« Le détenu idiot, c’est vraiment une idée reçue », estime la coréalisatrice de « Prison : des vies derrière des barreaux »

INTERVIEW Ce jeudi, France 2 diffuse dans « Envoyé spécial » le reportage « Prison : des vies derrière des barreaux ». Réalisé par Maria Ladous et Etienne Huver, il ouvre les portes de la maison d’arrêt de Villepinte en Seine-Saint-Denis

Marin Daniel-Thézard
— 
Un mur de prison. (Illustration)
Un mur de prison. (Illustration) — snapshot-photography/F Boillot/S

Dans Envoyé spécial sur France 2, ce jeudi, est diffusé le reportage Prison : des vies derrière des barreaux. Ce docu de 52 minutes signé Étienne Huver et Marina Ladous plonge le téléspectateur dans l’univers carcéral de la maison d'arrêt de Villepinte en Seine-Saint-Denis. La réalisation montre le quotidien pénible des gardiens, en sous-effectif quasi constant face à une prison surpeuplée mais aussi la dure vie des prévenus. Le reportage permet d’assister également à une réunion d’évaluation, véritable plongeon dans les réseaux d’information dont dispose la direction d’une maison d’arrêt pour lutter contre la montée des extrémismes.

Marina Ladous, qui a précédemment réalisé Menace terroriste : plongée au cœur de nos prisons, explique à 20 Minutes comment avec Étienne Huver, ils se sont présentés aux détenus et la spécificité du bâtiment Respecto à Villepinte.

Vous avez pris beaucoup de précautions pour anonymiser le personnel. Quelles précautions avez-vous prises pour vous-même ?

Aucune. On est arrivé dans une démarche de vérité avec les prévenus. On pensait que c’était normal de jouer cette carte. On prend des précautions avec le personnel parce qu’eux sont là tous les jours. Ce sont eux qui risquent des représailles. Nous, on n’est que des visiteurs.

Vous avez assisté à une « réunion d’évaluation ». Comment cette chasse aux extrêmes est-elle organisée ?

C’est principalement du profilage. On réunit dans une salle des surveillants, des conseillers pénitentiaires, des psychologues qui ont pour mission de garder un œil sur les détenus qui sont mis en cause ou incarcérés pour des fautes de radicalisation, que ce soit d’islamisation, d’extrême droite ou d’extrême gauche. Certains détenus sont évalués tous les trois mois, d’autres tous les deux mois, etc.

Une loi de 2009 impose l’encellulement solitaire en maison d’arrêt. Le monde pénitentiaire croit-il à l’application un jour de cette loi alors que le problème de la surpopulation carcérale prégnant ?

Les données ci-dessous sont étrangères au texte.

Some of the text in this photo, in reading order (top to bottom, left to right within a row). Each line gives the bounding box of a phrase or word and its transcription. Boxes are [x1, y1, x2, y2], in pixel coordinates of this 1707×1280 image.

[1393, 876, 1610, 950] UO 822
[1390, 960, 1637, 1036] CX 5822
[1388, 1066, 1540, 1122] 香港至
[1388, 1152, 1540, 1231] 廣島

Dans les faits, aujourd’hui, on ne peut pas l’appliquer. Dans les maisons d’arrêt, beaucoup de prisonniers sont détenus provisoirement, en attente du jugement. Quand on sait ça, on ne s’étonne plus du surpeuplement dans les prisons. A Villepinte, il y a 582 places. La plupart du temps, elle est remplie à 180 % de son effectif. Même s’il y a des projets d’agrandissement, le parc carcéral français reste très limité. Les surveillants qui passent leur temps à jongler entre les détenus et les cellules n’y croient pas trop.

Dans le documentaire, on voit que les détenus parviennent à introduire parfois de manière très ingénieuse des objets interdits. Comment les gardiens luttent-ils contre cela ?

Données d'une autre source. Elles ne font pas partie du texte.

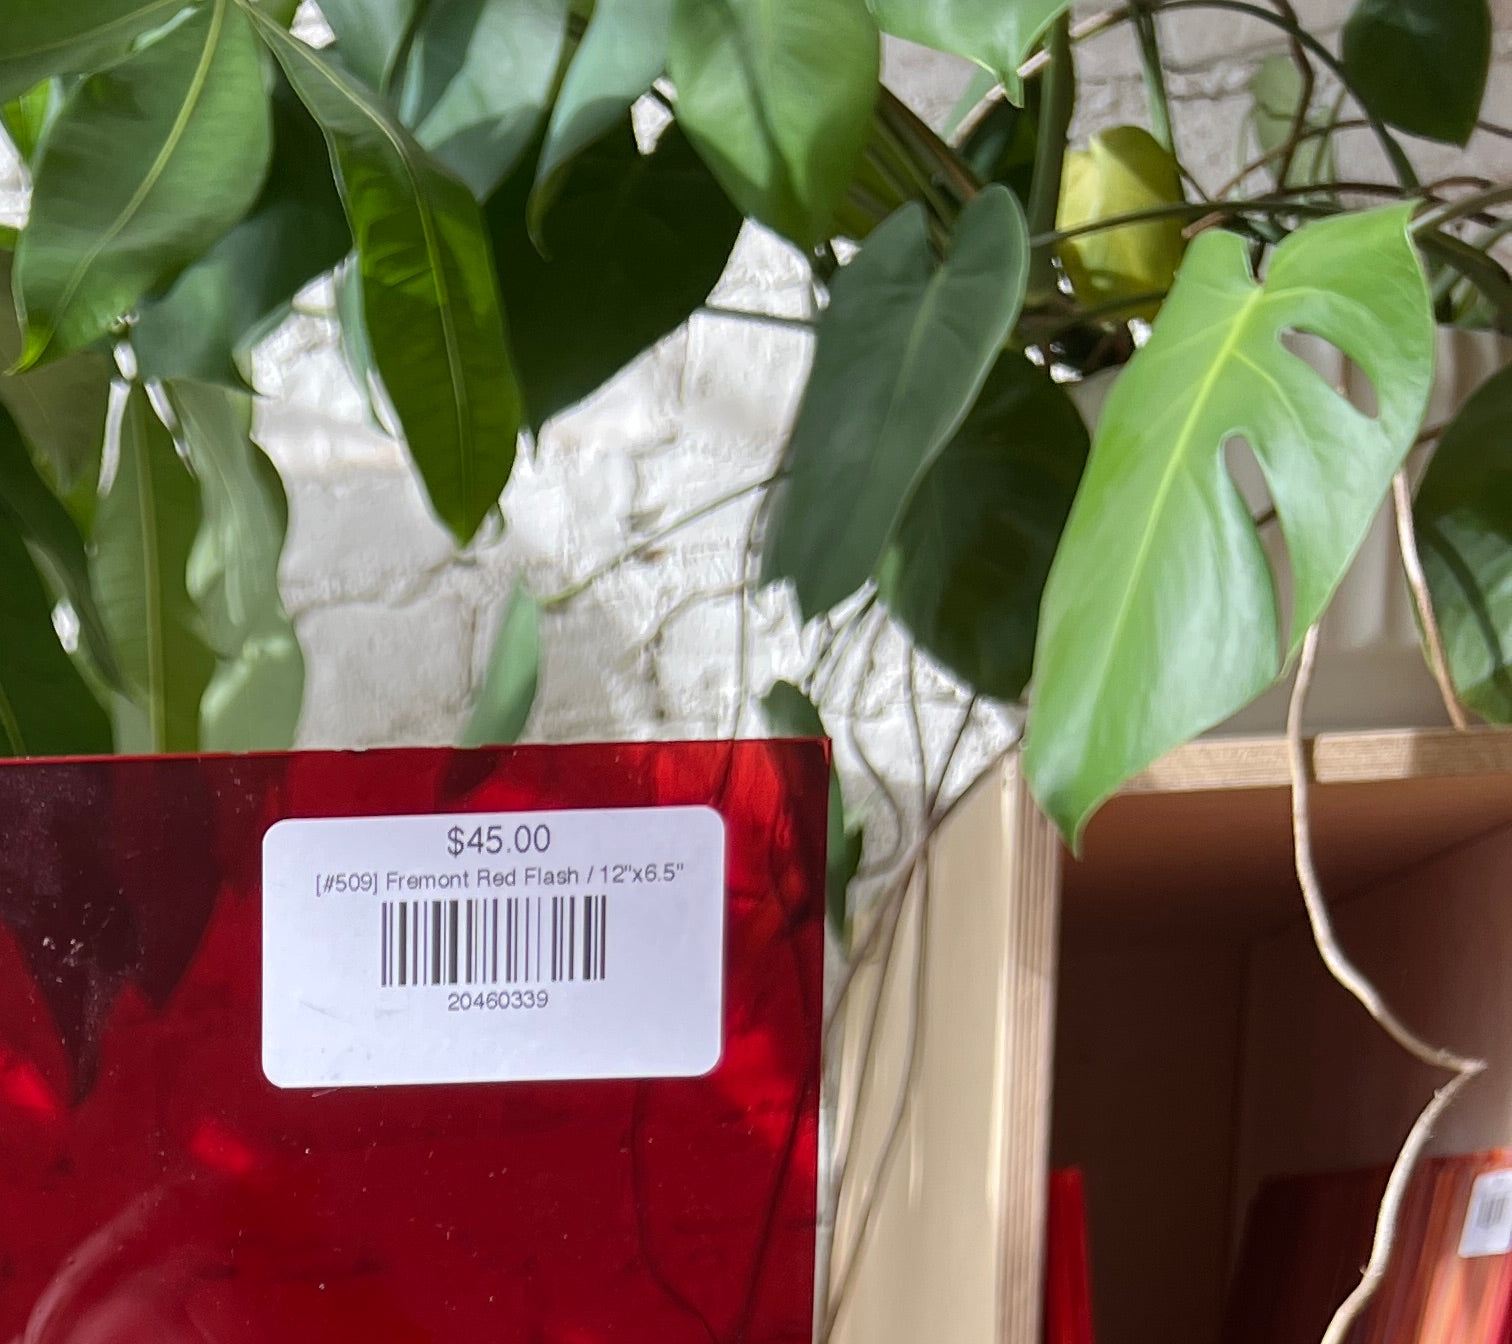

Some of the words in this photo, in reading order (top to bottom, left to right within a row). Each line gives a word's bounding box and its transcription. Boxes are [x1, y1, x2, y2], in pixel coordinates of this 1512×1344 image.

[446, 823, 552, 858] $45.00
[315, 872, 378, 898] [#509]
[386, 869, 469, 891] Fremont
[477, 868, 516, 889] Red
[524, 866, 579, 886] Flash
[586, 865, 594, 885] /
[600, 862, 684, 884] 12"x6.5"
[447, 989, 549, 1013] 20460339

Oui ils peuvent être très inventifs. Le détenu idiot, c’est vraiment une idée reçue. D’un autre côté, l’introduction de matériel peut parfois être dangereuse. Naturellement, on pense à des lames, mais même un téléphone peut être risqué. Si la plupart du temps c’est pour communiquer avec sa famille sans payer ni être écouté, parfois, les détenus s’en servent pour menacer des victimes. C’est pour ça que la fouille des cellules est si importante.

Dans la prison de Villepinte, il y a ce bâtiment Respecto où les détenus ont un travail, sont payés, et ont avec eux, la journée, la clé de leur cellule. Avez-vous ressenti une différence entre ces prisonniers et leurs codétenus ?

Bien sûr ! Il y a beaucoup moins de tension à Respecto. D’un autre côté, c’est aussi très surveillé et au moindre faux pas, on repart en détention. On responsabilise les détenus, il faut être calme et respecter les horaires. Quand on est à Respecto, on a un travail, on recommence à devenir quelqu’un. Je pense que c’est un excellent chemin vers la réinsertion.